#### [TASK DETAILS]
Quote every line below exactly and skip any picture.

(Referring expression grounding data)
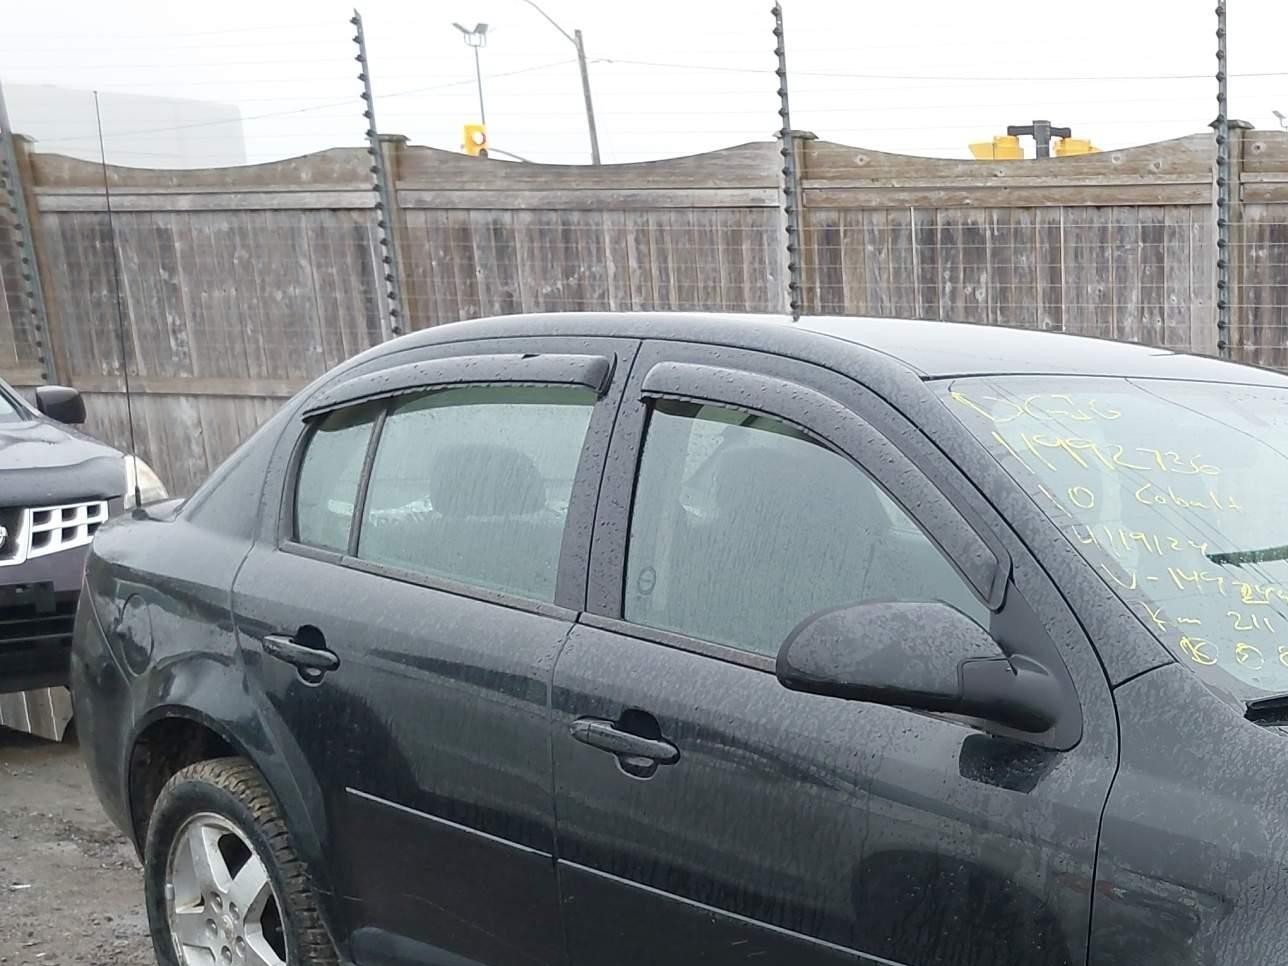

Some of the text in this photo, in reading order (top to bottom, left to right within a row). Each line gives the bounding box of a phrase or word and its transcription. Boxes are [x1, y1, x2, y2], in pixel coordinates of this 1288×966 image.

[991, 431, 1223, 475] 11992736
[1038, 483, 1243, 518] 10 Cobalt
[1226, 611, 1276, 633] 211
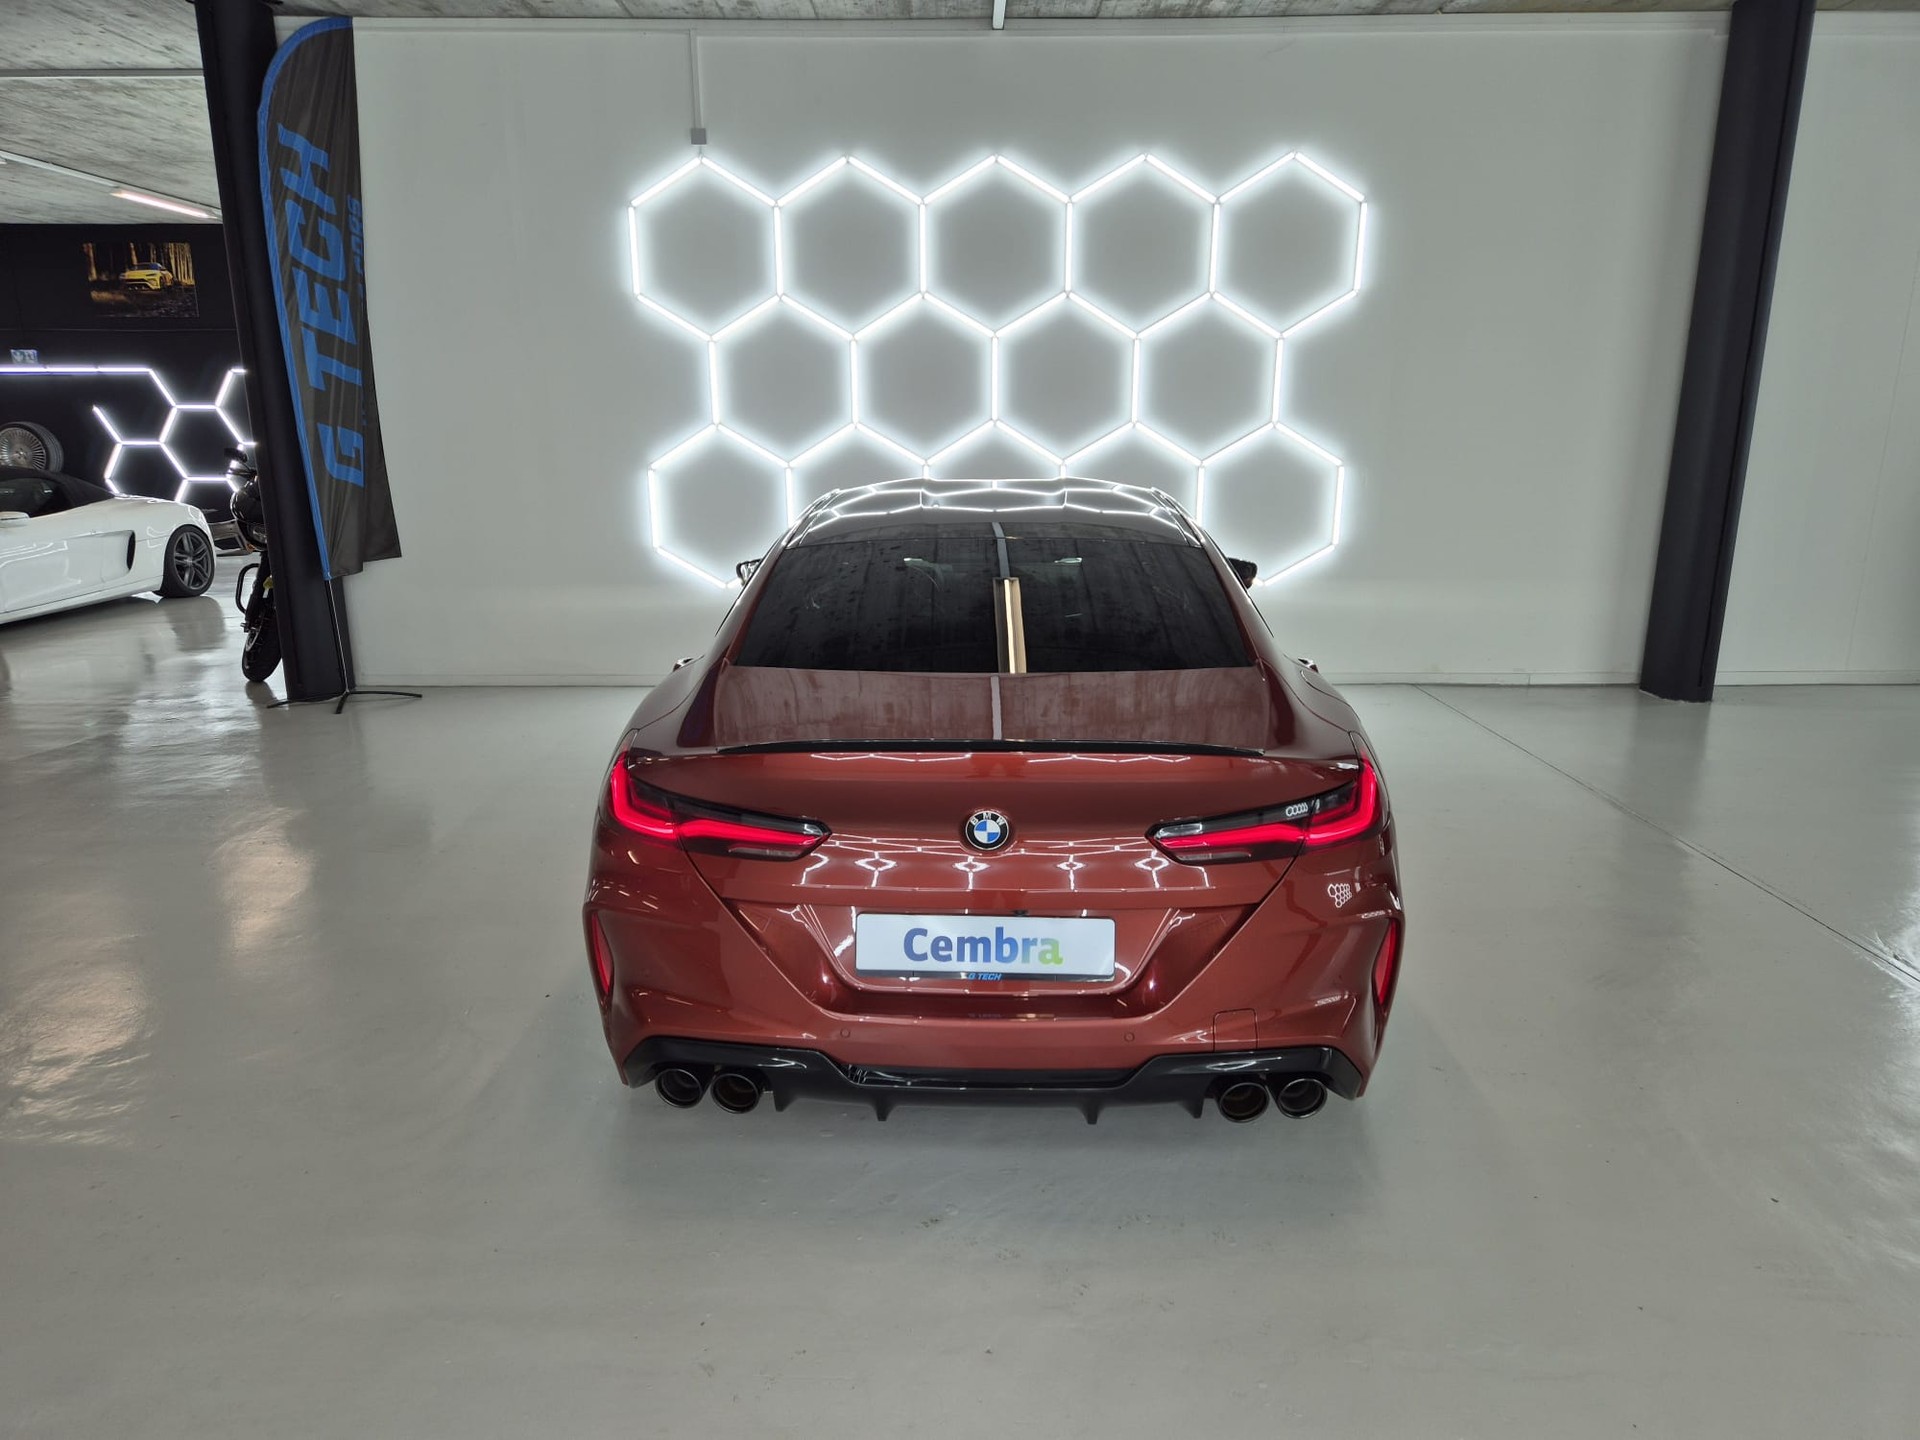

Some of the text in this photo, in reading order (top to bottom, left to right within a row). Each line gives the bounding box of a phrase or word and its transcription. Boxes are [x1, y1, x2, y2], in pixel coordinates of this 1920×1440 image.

[277, 122, 364, 488] G TECH
[969, 811, 1006, 826] BMW
[903, 926, 1064, 966] Cembra
[978, 972, 1003, 982] TECH

#### [RESULT]
Some of the text in this photo, in reading order (top to bottom, left to right within a row). Each line gives the bounding box of a phrase or word and its transcription. Boxes are [x1, y1, x2, y2], in pixel coordinates of this 1288×966 image.

[991, 431, 1223, 475] 11992736
[1038, 483, 1243, 518] 10 Cobalt
[1226, 611, 1276, 633] 211

Some of the text in this photo, in reading order (top to bottom, left to right within a row). Each line gives the bounding box of a phrase or word and its transcription. Boxes are [x1, y1, x2, y2], in pixel coordinates of this 1920×1440 image.

[277, 122, 364, 488] G TECH
[969, 811, 1006, 826] BMW
[903, 926, 1064, 966] Cembra
[978, 972, 1003, 982] TECH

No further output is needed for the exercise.